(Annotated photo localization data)
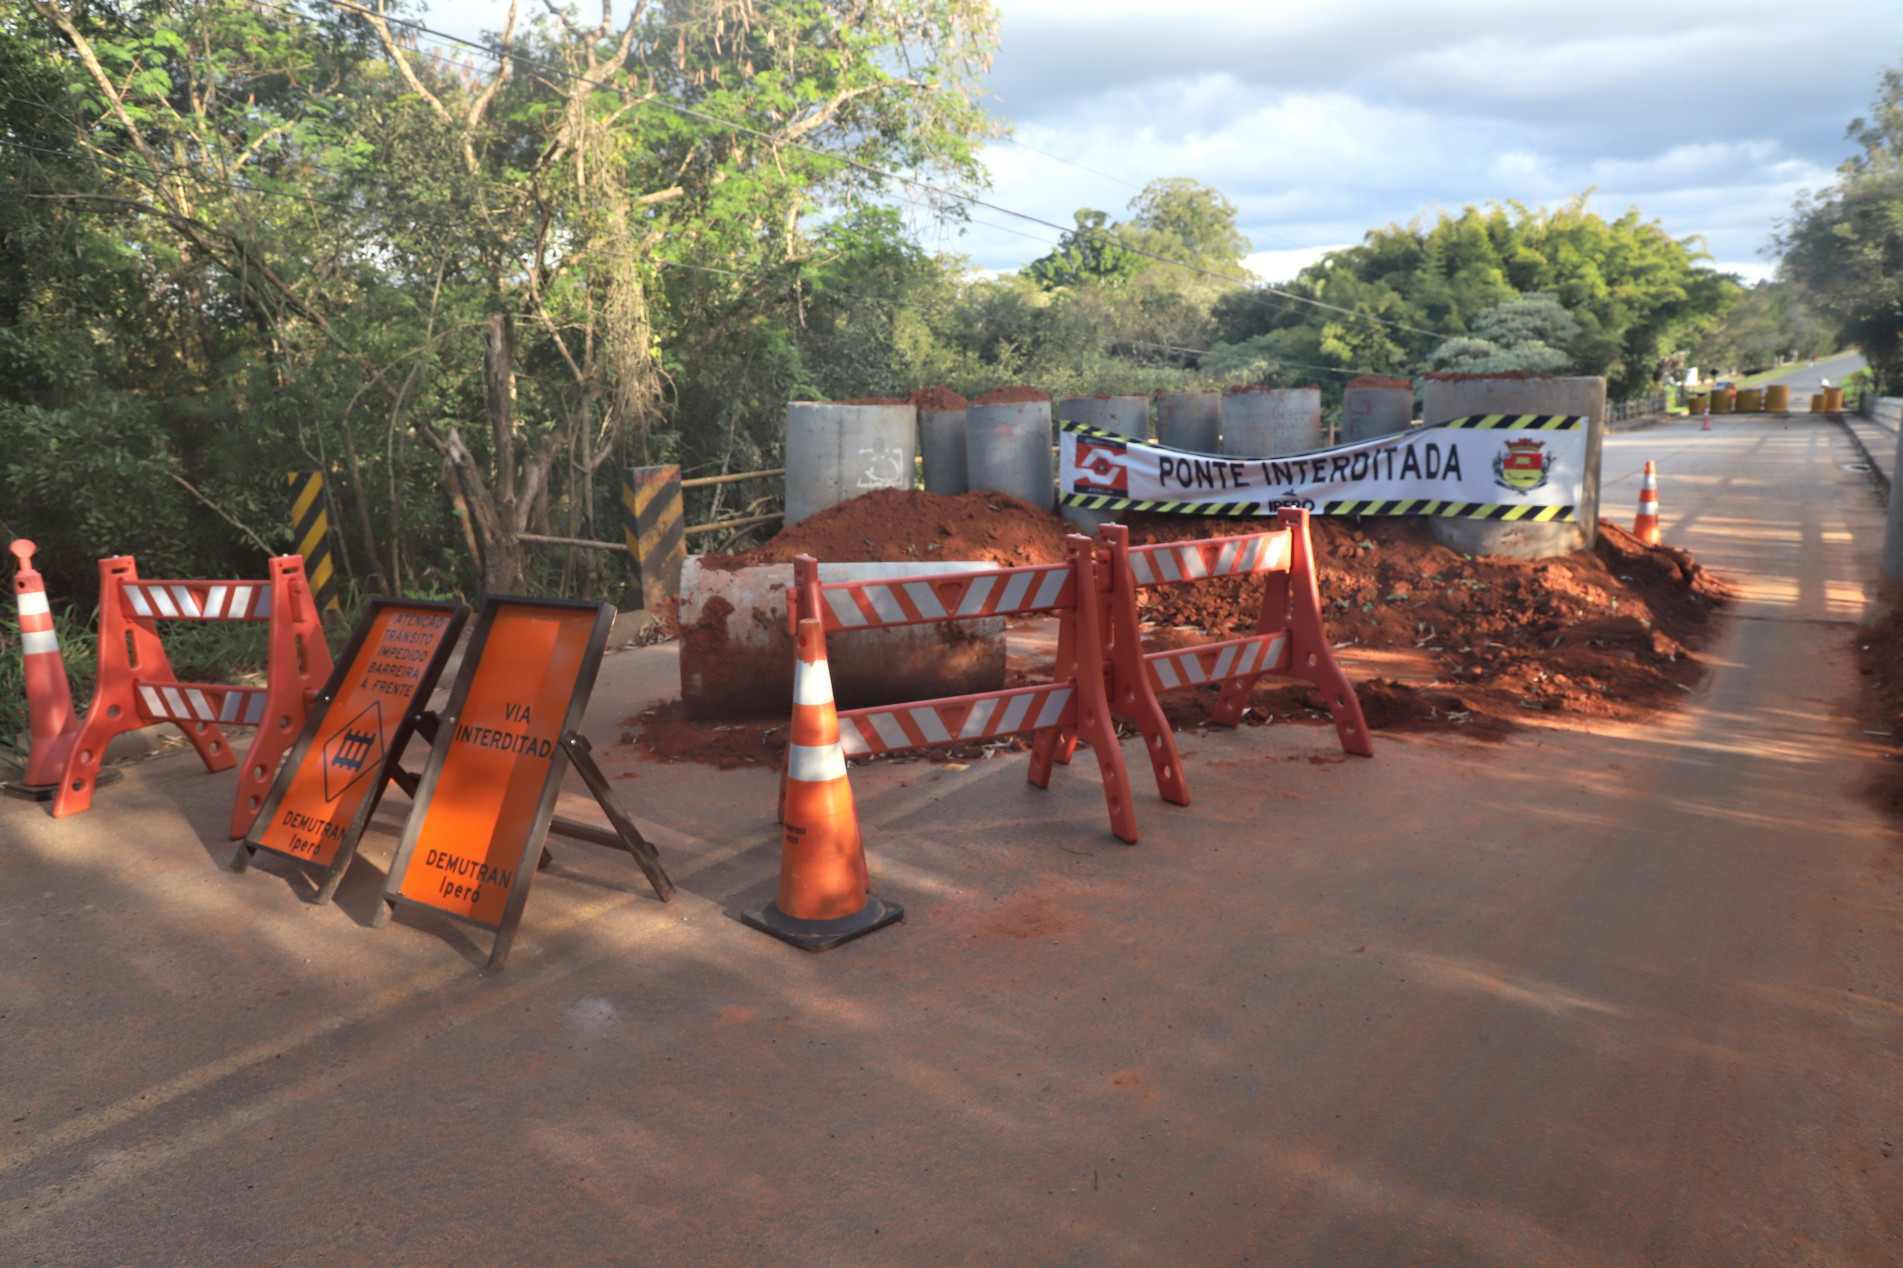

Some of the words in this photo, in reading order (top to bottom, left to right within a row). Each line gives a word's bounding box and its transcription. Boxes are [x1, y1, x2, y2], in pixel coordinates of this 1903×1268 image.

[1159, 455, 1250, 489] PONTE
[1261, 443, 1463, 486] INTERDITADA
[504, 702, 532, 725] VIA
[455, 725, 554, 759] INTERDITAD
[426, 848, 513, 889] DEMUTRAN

EXERCISE: Restate each entry word for word, leaving out any pictures.

RESPONSE TO THE TASK:
Some of the words in this photo, in reading order (top to bottom, left to right within a row). Each line gives a word's bounding box and its transcription. Boxes are [x1, y1, x2, y2], in pixel coordinates of this 1903×1268 image.

[1159, 455, 1250, 489] PONTE
[1261, 443, 1463, 486] INTERDITADA
[504, 702, 532, 725] VIA
[455, 725, 554, 759] INTERDITAD
[426, 848, 513, 889] DEMUTRAN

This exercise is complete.